:: Saved data entries ::
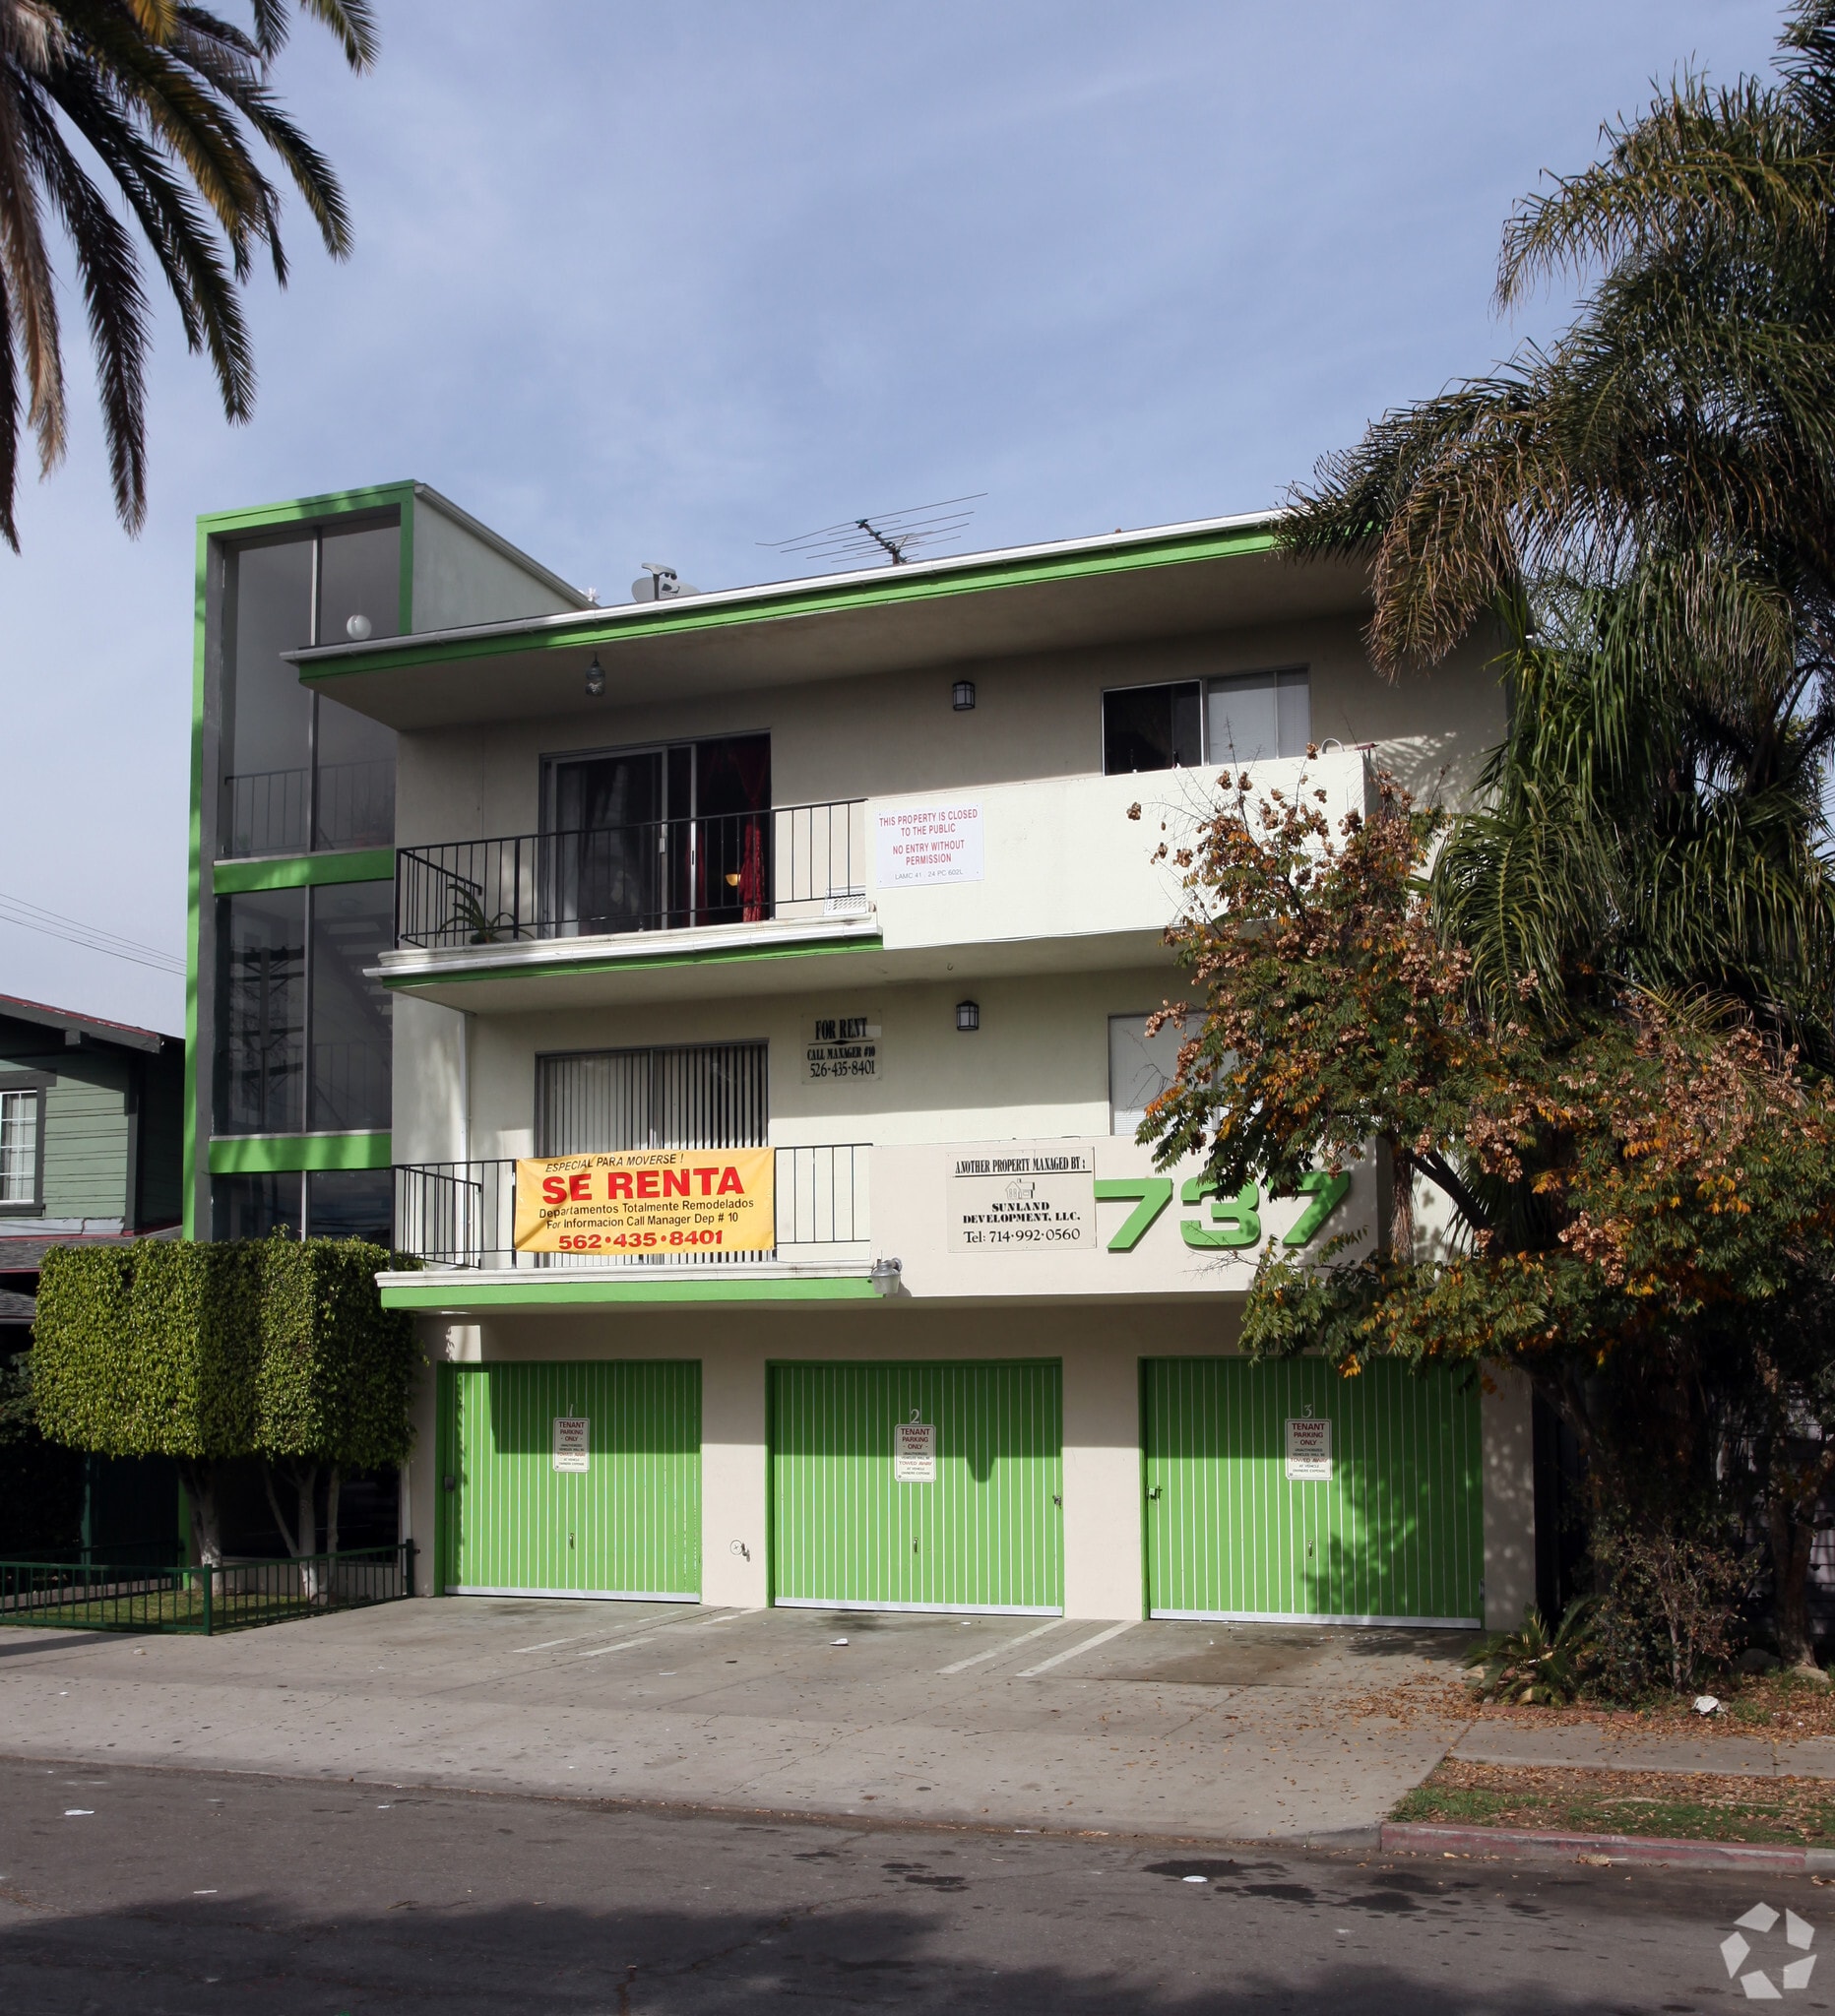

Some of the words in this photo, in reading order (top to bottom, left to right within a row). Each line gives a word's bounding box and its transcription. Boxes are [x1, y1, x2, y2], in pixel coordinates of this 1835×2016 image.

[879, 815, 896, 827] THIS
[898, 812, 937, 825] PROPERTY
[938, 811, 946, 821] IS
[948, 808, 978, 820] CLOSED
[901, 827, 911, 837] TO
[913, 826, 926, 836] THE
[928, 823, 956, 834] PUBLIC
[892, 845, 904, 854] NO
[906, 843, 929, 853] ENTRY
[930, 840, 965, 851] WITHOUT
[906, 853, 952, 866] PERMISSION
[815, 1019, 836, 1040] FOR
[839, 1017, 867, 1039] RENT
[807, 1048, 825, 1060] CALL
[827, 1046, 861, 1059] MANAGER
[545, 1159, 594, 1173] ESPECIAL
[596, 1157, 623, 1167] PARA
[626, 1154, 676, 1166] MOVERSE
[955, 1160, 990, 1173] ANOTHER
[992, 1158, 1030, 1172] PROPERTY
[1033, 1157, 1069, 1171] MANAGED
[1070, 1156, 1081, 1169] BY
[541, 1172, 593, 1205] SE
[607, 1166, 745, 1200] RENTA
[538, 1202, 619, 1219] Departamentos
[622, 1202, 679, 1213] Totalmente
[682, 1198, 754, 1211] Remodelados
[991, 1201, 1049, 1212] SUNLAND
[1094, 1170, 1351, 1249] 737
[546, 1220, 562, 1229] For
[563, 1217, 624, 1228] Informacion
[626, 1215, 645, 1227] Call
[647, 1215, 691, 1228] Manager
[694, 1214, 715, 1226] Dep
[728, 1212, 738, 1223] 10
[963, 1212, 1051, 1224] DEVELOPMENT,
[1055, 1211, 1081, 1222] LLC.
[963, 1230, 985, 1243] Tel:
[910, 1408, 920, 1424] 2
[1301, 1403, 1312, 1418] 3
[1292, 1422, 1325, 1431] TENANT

:: DESCRIPTION OF THE TASK ::
Where the word "PROPERTY" shows up in a line of the entries above, copy that line.

:: RESPONSE AREA ::
[898, 812, 937, 825] PROPERTY
[992, 1158, 1030, 1172] PROPERTY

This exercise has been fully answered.